Doty pleaded not guilty to felony battery and assault charges. Then, in late April, on the eve of his preliminary hearing, prosecutors sent Hathaway a new batch of evidence, including a continuous stretch of footage from the laundromat cam. For the first time, Hathaway watched Carmignani’s initial approach to Doty, which occurred nine minutes before the start time of the clip Carmignani’s attorney had released.

That old clip had begun with Doty plucking a pole from a trash bin. In the new footage, Carmignani, wearing a Covid face mask, walks past a jumble of items on the sidewalk and pulls a tall black canister from his pocket, thumb trigger on top. Seconds later, Doty, with his red hat, scrambles into the frame with a jacket pulled over his head. As they face each other, Carmignani steps toward Doty, who quickly turns his back and moves away. Carmignani walks after him. There’s no audio, but the body language is telling: Doty’s on the defensive.

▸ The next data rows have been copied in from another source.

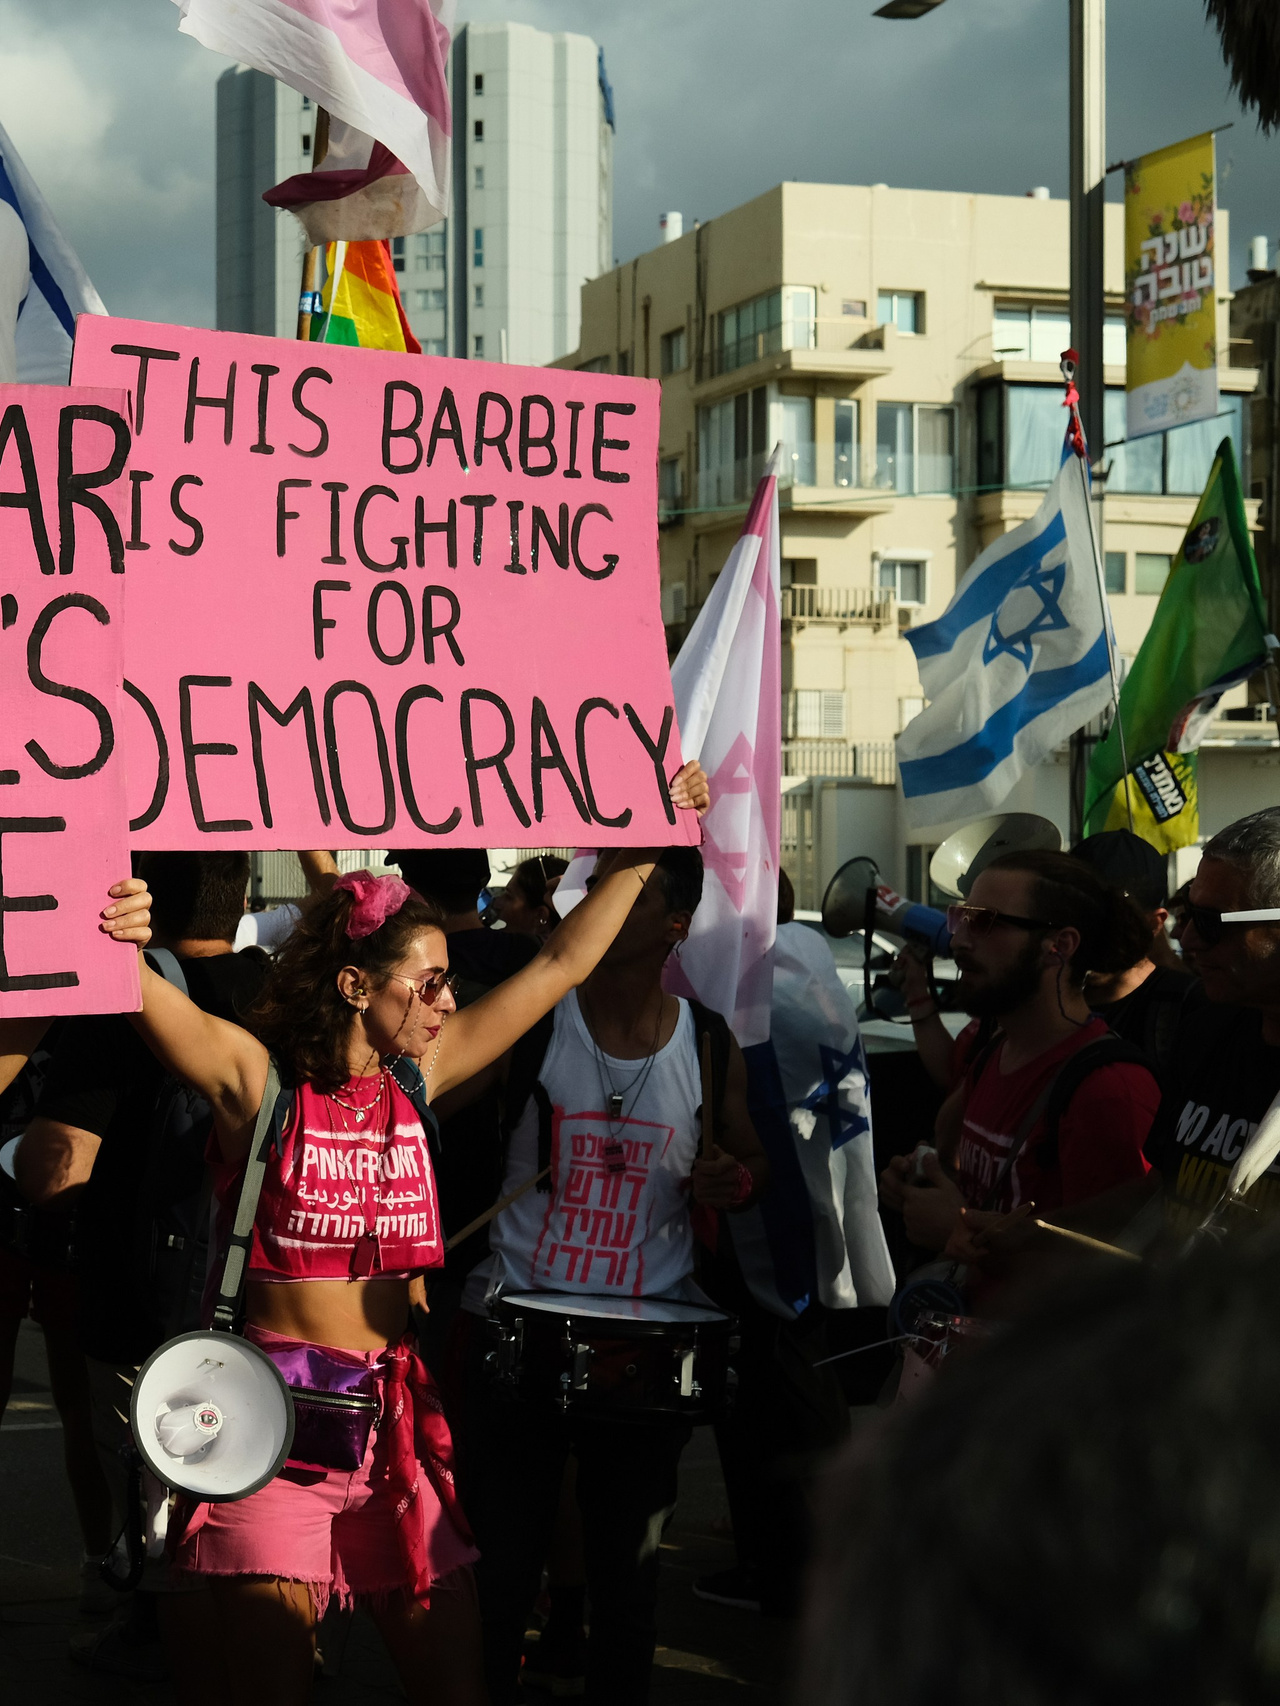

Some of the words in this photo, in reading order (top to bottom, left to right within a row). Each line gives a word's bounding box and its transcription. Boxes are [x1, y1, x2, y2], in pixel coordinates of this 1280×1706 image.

[1140, 225, 1207, 271] שנה
[1134, 256, 1212, 306] טובה
[111, 344, 332, 458] THIS
[381, 380, 636, 483] BARBIE
[128, 470, 204, 556] IS
[276, 479, 619, 581] FIGHTING
[312, 580, 465, 667] FOR
[296, 1181, 367, 1211] الوردية
[373, 1183, 427, 1210] الجبهة
[564, 1167, 646, 1211] דורש
[287, 1209, 366, 1239] הורודה
[377, 1211, 428, 1239] החזית
[559, 1205, 637, 1249] עתיד
[544, 1243, 629, 1287] ורוד!

Courtesy of San Francisco Public Defender’s Office

The next surprise Hathaway came upon in the new batch of evidence was a bundle of police reports, detailing eight crimes from the prior year and a half. On all occasions, a male suspect had approached homeless people on Marina sidewalks and pepper-sprayed them. In the first case, in November 2021, there was even video evidence—from a Ring camera, right on Magnolia Street. When Hathaway played the clip, she saw a bulky guy stride up to a man lying on the sidewalk and spray him for a full five seconds, studiously aiming the chemical agent—designed to cause pain, burning, and temporary blindness—into the victim’s face and head as he rolls over and stands up. “I was like what? What?!” Hathaway recalls. “He focuses on the victim’s face. It’s just so gross.”

Courtesy of San Francisco Public Defender’s Office

Hathaway looked at the 2021 sprayer—sure-footed, bulky, Covid face mask, baseball cap. Then she looked at Carmignani as he approached Doty on April 5—sure-footed, bulky, face mask, baseball cap. “I was like, Jesus, that’s Carmignani. Like that’s exactly how he walks.” (In the press, Carmignani’s attorney denied it was him.)

In some of the other sprayings, witness statements bent toward a roughly similar script. A goateed white guy in his fifties, riding a bike, asked if an unhoused guy needed help before pepper-spraying, kicking, and punching him. A white guy, 6’1″ and some 220 pounds, with short, light brown hair, wearing a gray beanie, unzipped a man’s tent and maced him with a 10-inch canister, warning, “Get out of my town.” A white male, 40 to 50 years old, grayish hair, sprayed Ashley Buck and an unhoused man. In other spray attacks, suspect descriptions skewed younger: One involved a white or Hispanic male in his thirties riding a gray bicycle. Another was a white thirtysomething male on a skateboard.